We’ve already seen image search engines that claim to be able to find a particular image on the web, and services such as PicScout’s Image Tracker seem to have had considerable success in tracking usage for the big agencies who can afford to use it. Because it relies on a “fingerprint” created from the image rather than a watermark, it claims to be able to spot even images that have been cropped or manipulated.
TinEye is another “reverse image search engine” with the big advantage of currently being free to use (although they intend to add some extra paid-for services at some time. Tineye is very easy to use – just right click on any web image and select “Search Image on TinEye.” The only problem is that when I’ve tried it with my own and other peoples images that I know are on several places in the web it often hasn’t found them, though it is a lot better now than when I first tried it.
There are some examples of what it can do on the site. At the moment they claim to have scanned 1,143,177,077 images from the web; I don’t know how many there are in all, but the largest figure I’ve found on a single search on Google Images is 1,600,000,000.
Idée also have a PixID service which can identify usage of images in both print and on-line for “editorial, celebrity and entertainment firms, news wire services” and others, and is I imagine relatively expensive, as well as Pixmiliar which looks for similar images.
Similar to this is Gazopa from Hitachi America which is now in a public beta and you can use it on the web or download it for your iPhone should you have one. It lets you choose an image on your computer on on any web site, upload it and it will then find similar images. Possibly.
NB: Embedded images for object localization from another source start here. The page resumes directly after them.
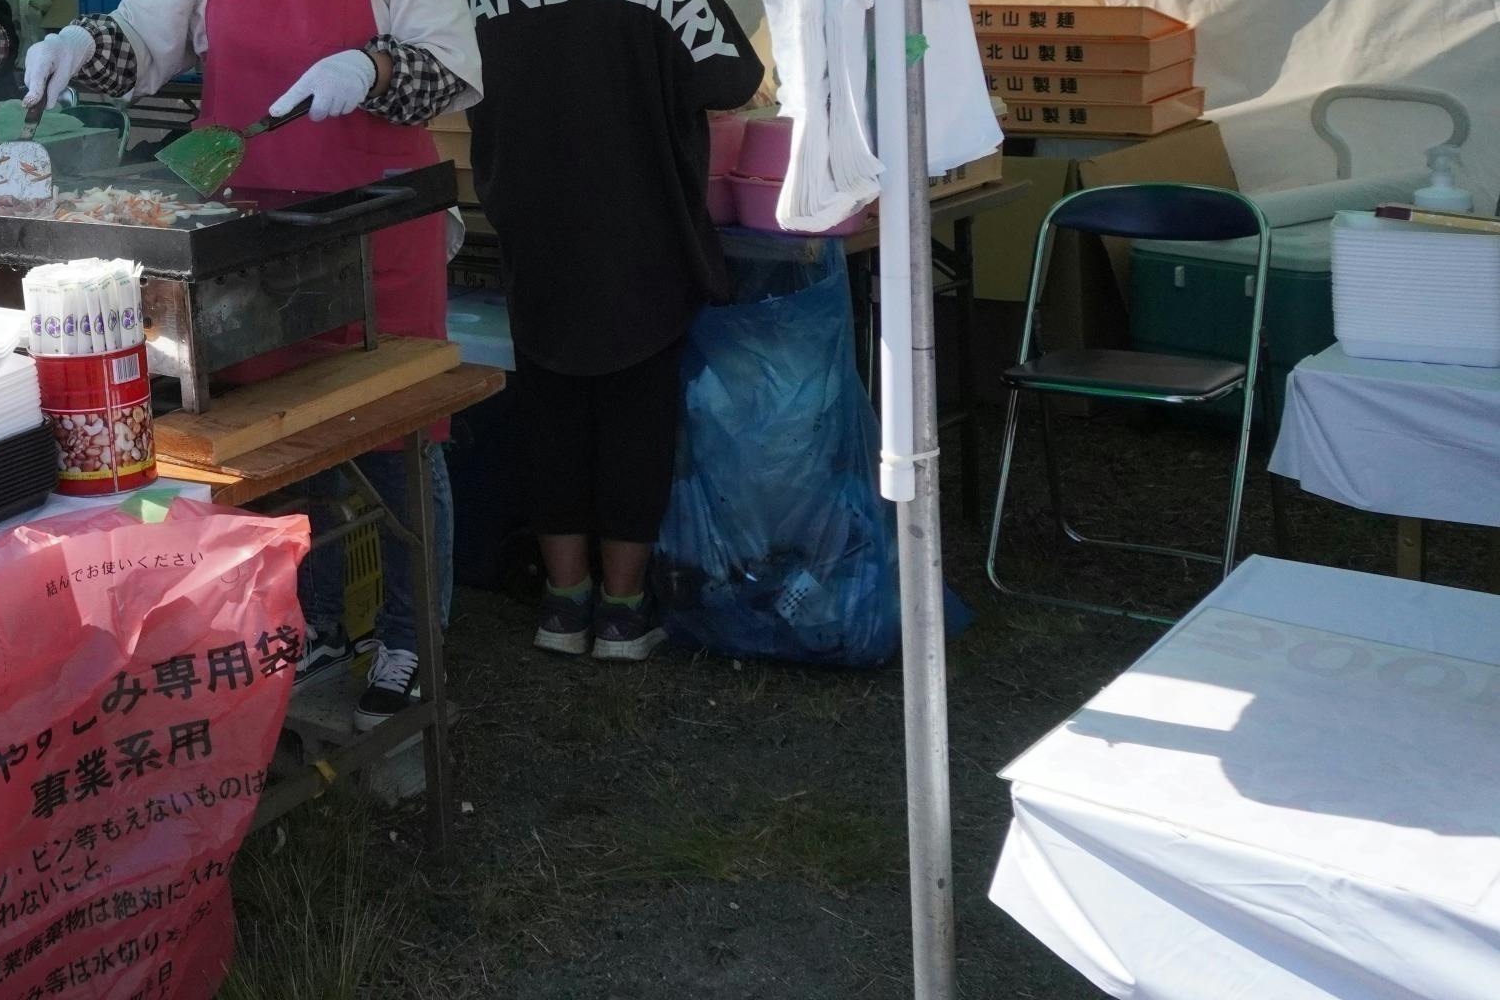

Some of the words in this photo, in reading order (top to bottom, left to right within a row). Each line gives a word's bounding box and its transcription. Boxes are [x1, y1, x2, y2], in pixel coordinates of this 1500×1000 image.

[976, 9, 1076, 29] 北山製麺
[986, 43, 1084, 63] 北山製麺
[1002, 105, 1088, 125] 山製麺
[45, 550, 204, 598] 結んでお使いください
[30, 718, 213, 820] 事業系用
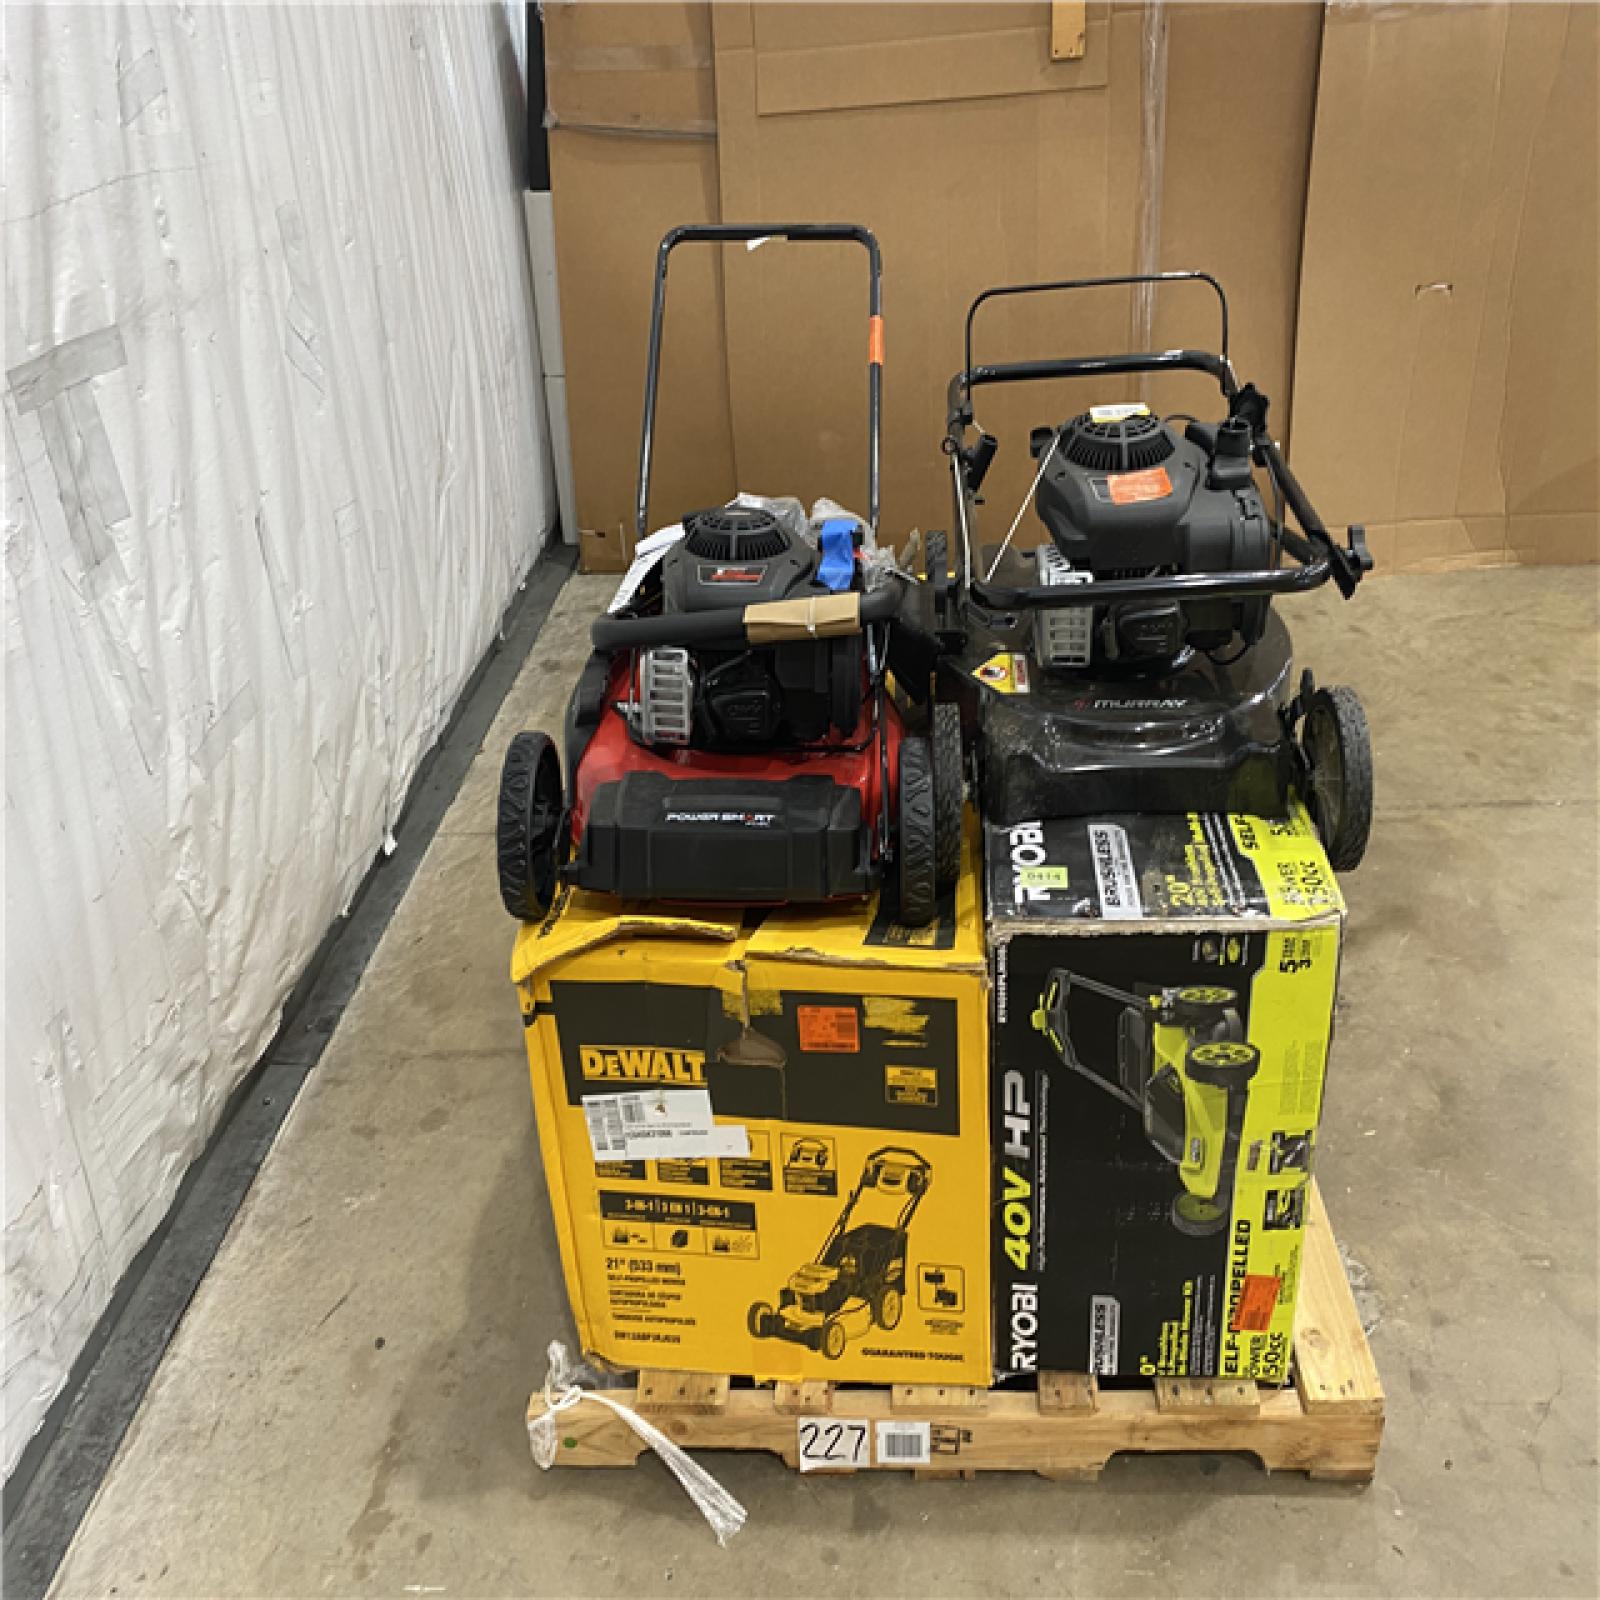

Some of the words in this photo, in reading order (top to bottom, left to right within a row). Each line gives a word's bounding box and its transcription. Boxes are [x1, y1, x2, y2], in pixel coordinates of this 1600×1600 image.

As I’m sitting here feeling sorry for myself just starting to recover (I hope) from swine flu – the letter offering me the vaccine came this morning, very much too late – I had time to try it.
The first few pictures – typical things I take like demonstrations – it could obviously not get it’s head round at all, so I thought hard and tried to give it something easy. How about one of London’s most recognisable buildings, Tower Bridge? And a picture that showed its very distinctive shape clearly:
and was rewarded with my first (and only) success. Of the 30 images on the first page of the thousand it selected there were actually 4 of Tower Bridge. I tried with some other well-known buildings from London, and other cities with no luck. A night image of the National Theatre did return night images, but not of anything remotely similar.
The bell-tower and cathedral in Brasilia doesn’t look to me much like the Japanese woman or the polar bear that GazoPa produced in response and although there was one other church it was in a very different style. The still ife image of two bottles was perhaps a little more understandable.
GazoPa also has a face recognition feature, so I thought I’d try that and fed it a picture of Tony Benn, complete with pipe, thinking there must be many thousands of similar images on the web (including hundreds of mine.) Searching normally perhaps the most interesting match – at third closest was of what looked like an amateur burlesque dancer, though further down the list were three men with pipes but otherwise no resemblance.
Switching to ‘Face’ mode gave a different set of matches, with several of the same kissing wedding couple, several women between five and ninety and a small child in a push-along cart. But perhaps those carved heads of four US Presidents on Mount Rushmore were a nod to his political nature. To be fair there was just one of the first 30 pictures that did bear a very slight resemblance to the man, and who was looking in a similar direction, but I think the matching algorithms still need a little improvement.
Just to give it a fair chance I thought I’d also try it on Tariq Ali who had been standing next to him on the plinth in Trafalgar Square, a couple of weeks ago. Perhaps I can see a very vague resemblance to a cat, but the pig just isn’t fair! And ‘Face’ mode doesn’t make anything better.
I’ve not posted any of the results here – as if PicScout picks up any from its clients it could bankrupt me. But you are welcome to try any of the images here – or on My London Diary – on Gazopa. If you find any really good examples perhaps you could post them as a comment – just the URL of my image and any comment you want to make would be fine.